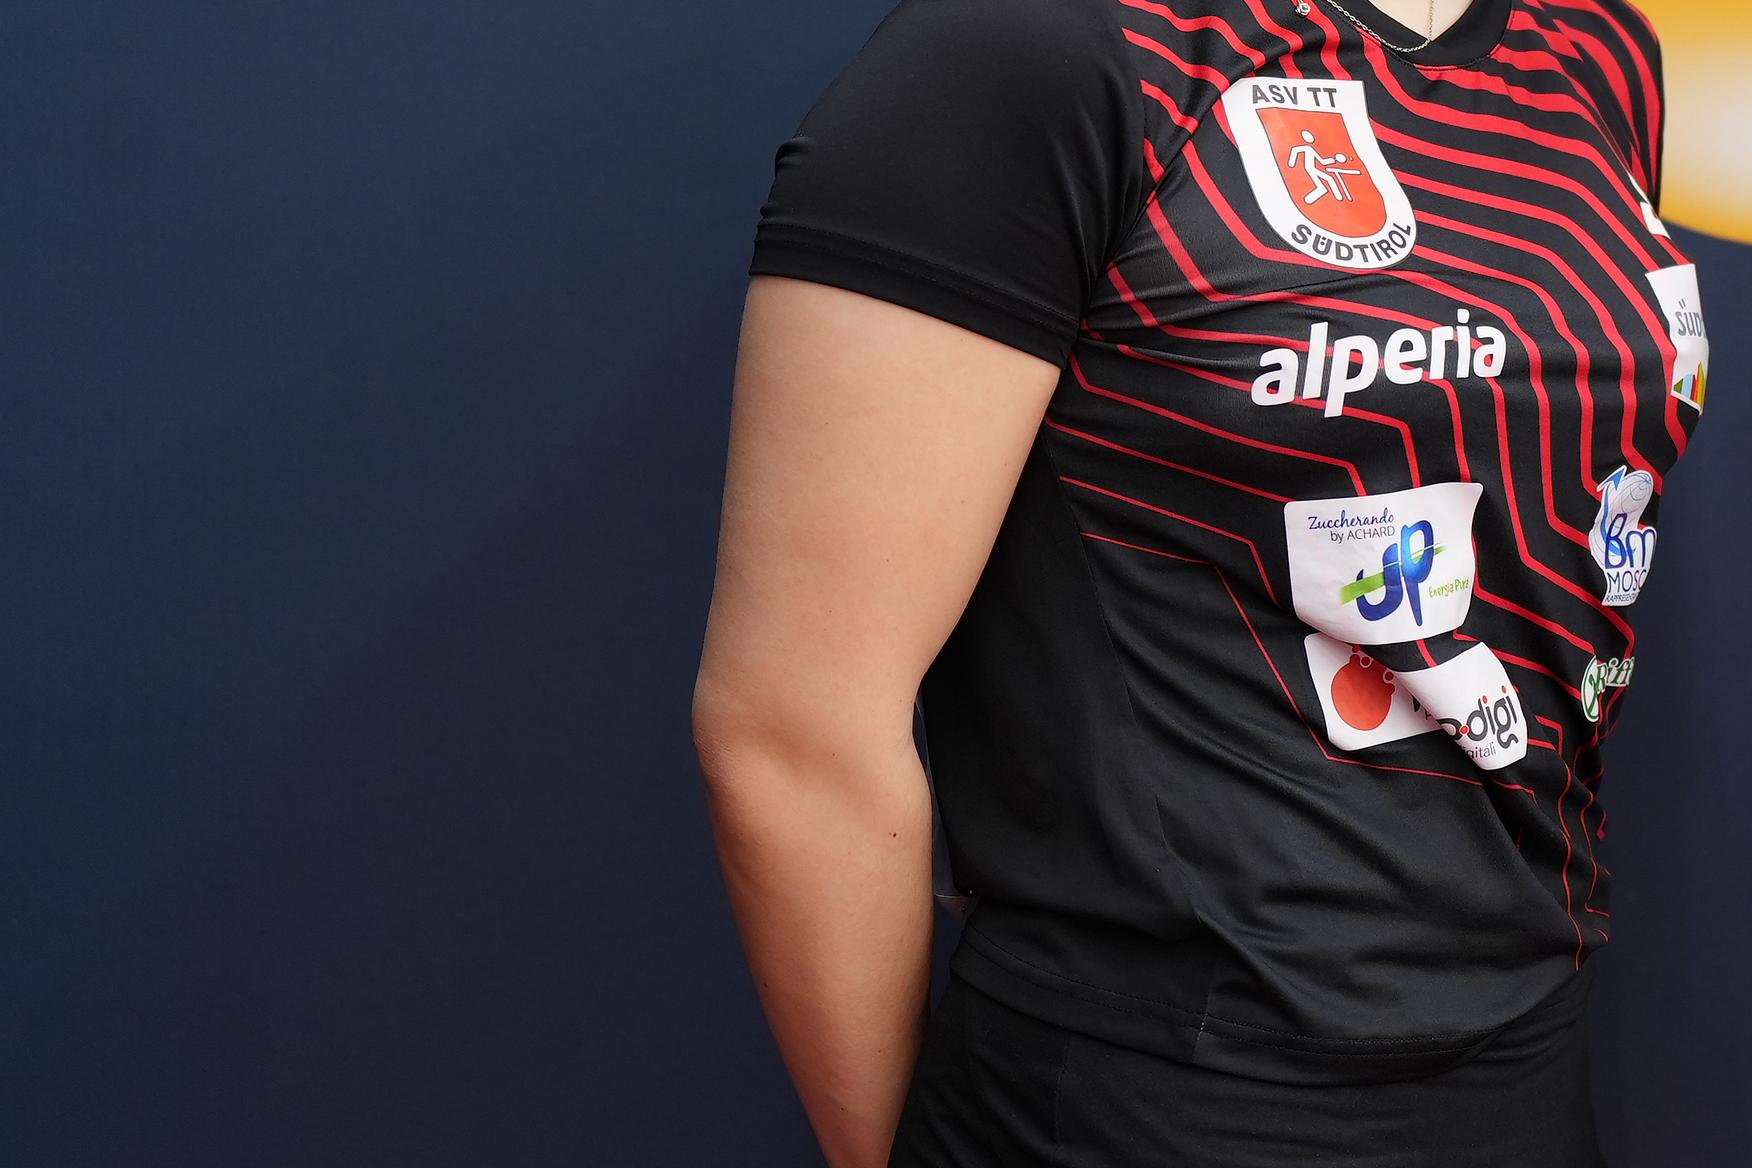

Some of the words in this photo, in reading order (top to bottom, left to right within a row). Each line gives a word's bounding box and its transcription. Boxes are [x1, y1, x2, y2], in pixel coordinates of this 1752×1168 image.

[1252, 84, 1298, 105] ASV
[1306, 87, 1337, 108] TT
[1290, 222, 1412, 263] SÜDTIROL
[1251, 308, 1507, 418] alperia
[1308, 507, 1395, 530] Zuccherando
[1330, 530, 1344, 544] by
[1347, 525, 1396, 541] ACHARD
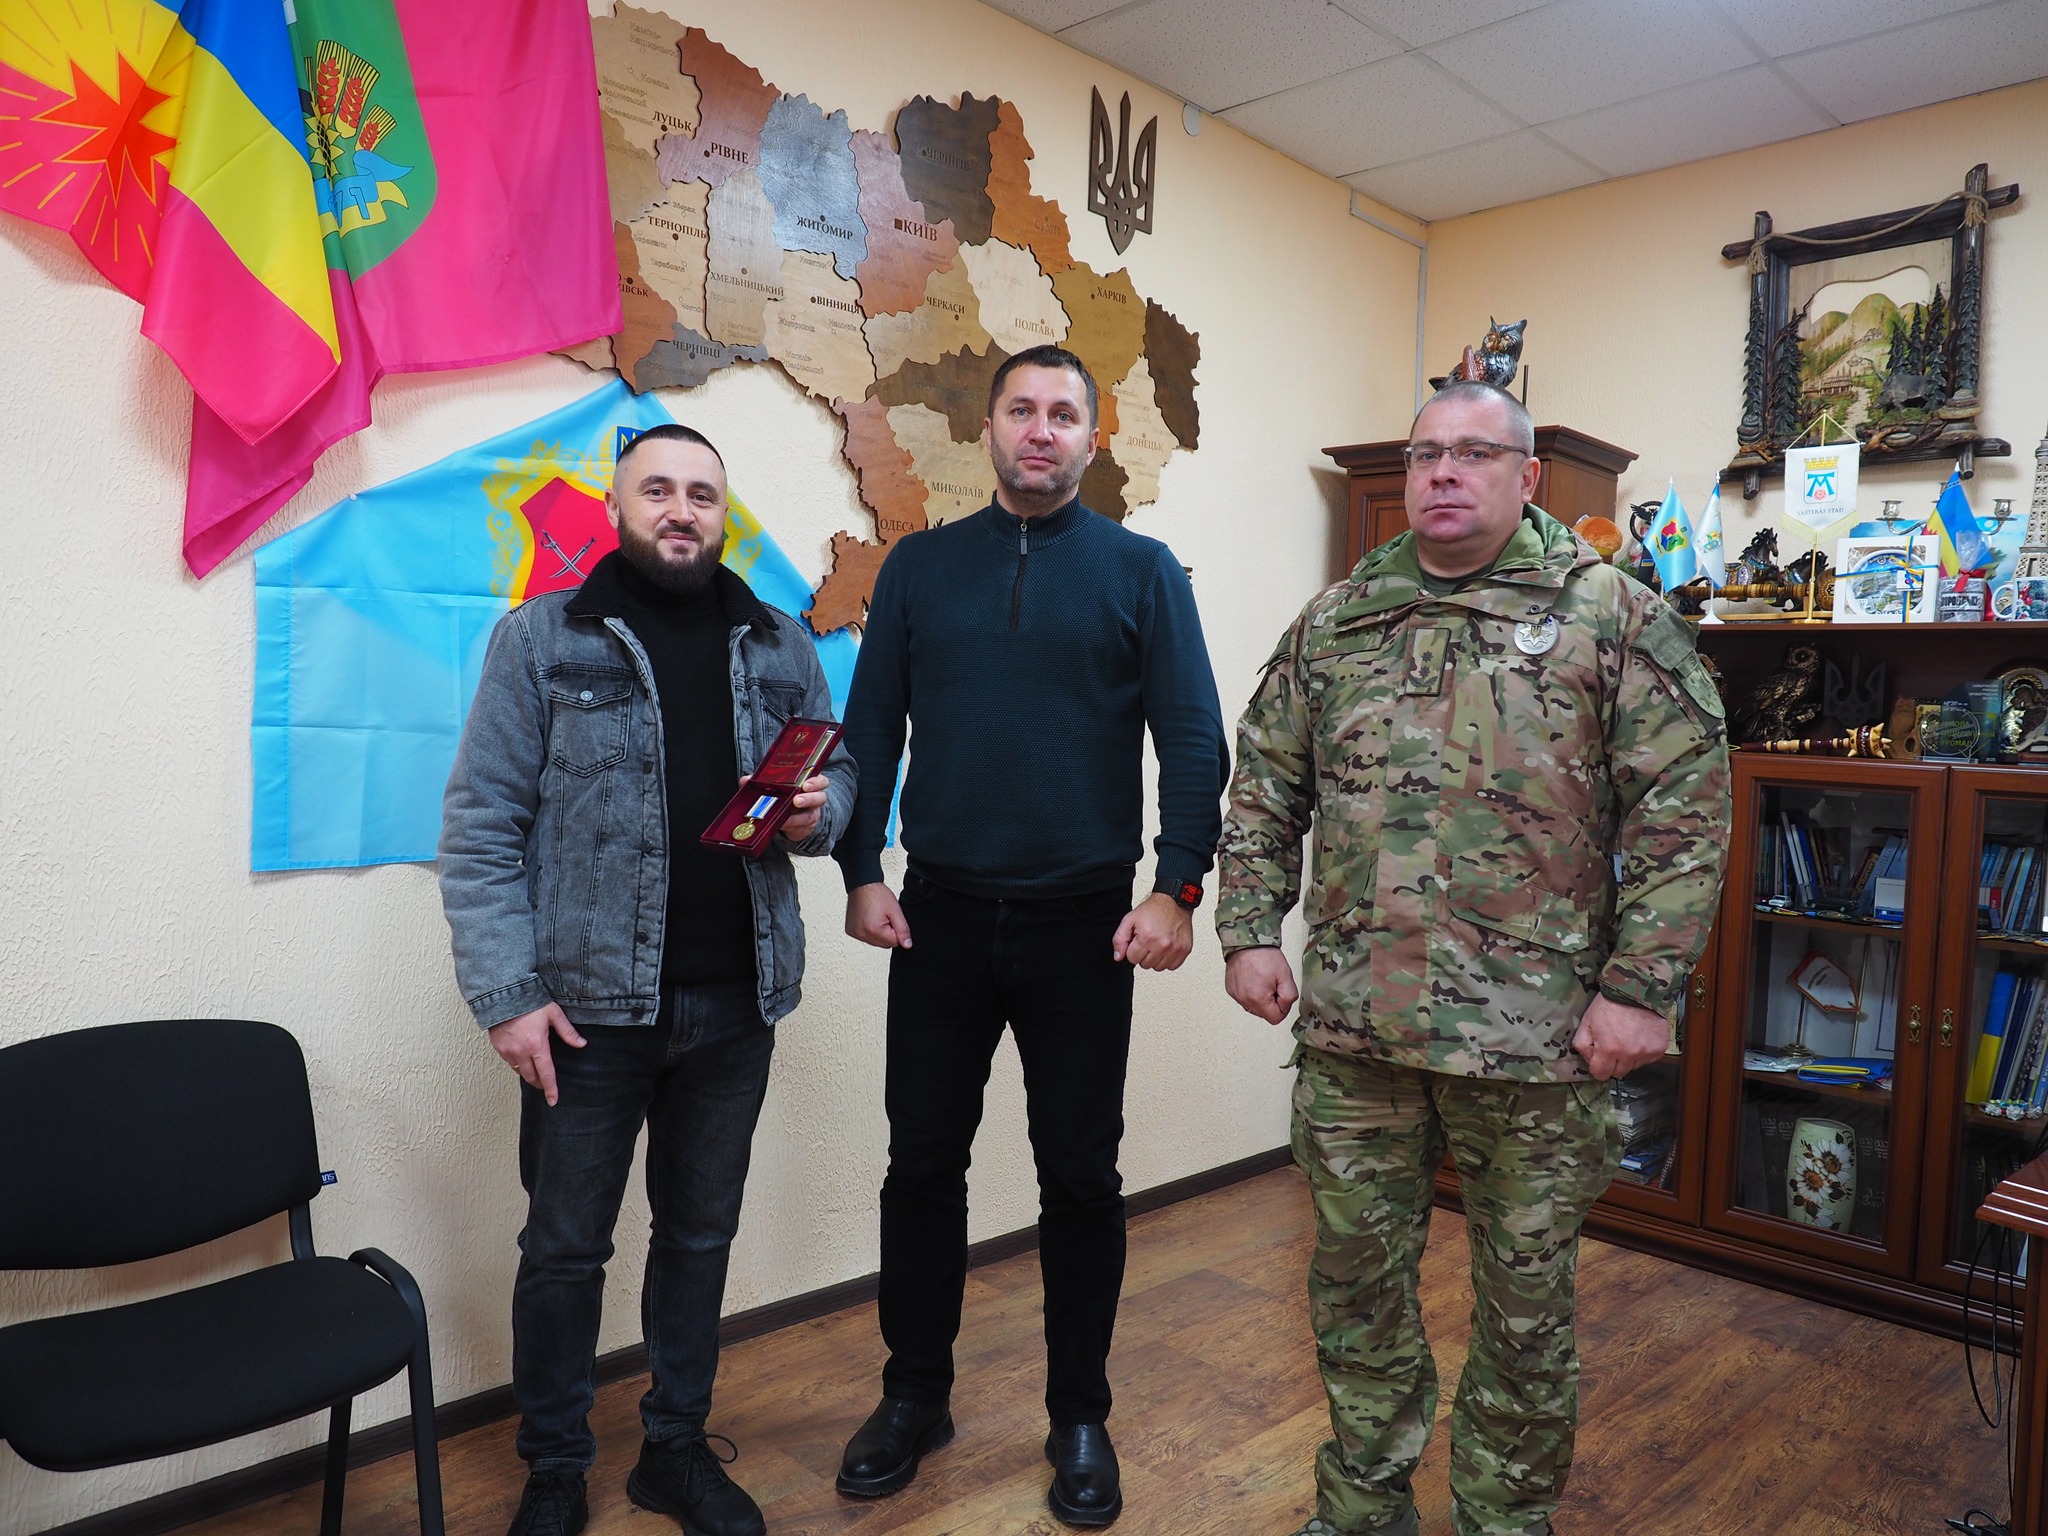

════════════════════

[Task]: The records above are to be restated word for word, excluding all pictures.

[Written solution]:
Some of the words in this photo, in reading order (top to bottom, left to right within a row). Each line gives a word's bounding box and its transcription. Boxes are [x1, y1, x2, y2], in pixel coordinates of this 1752×1168 image.

[1252, 84, 1298, 105] ASV
[1306, 87, 1337, 108] TT
[1290, 222, 1412, 263] SÜDTIROL
[1251, 308, 1507, 418] alperia
[1308, 507, 1395, 530] Zuccherando
[1330, 530, 1344, 544] by
[1347, 525, 1396, 541] ACHARD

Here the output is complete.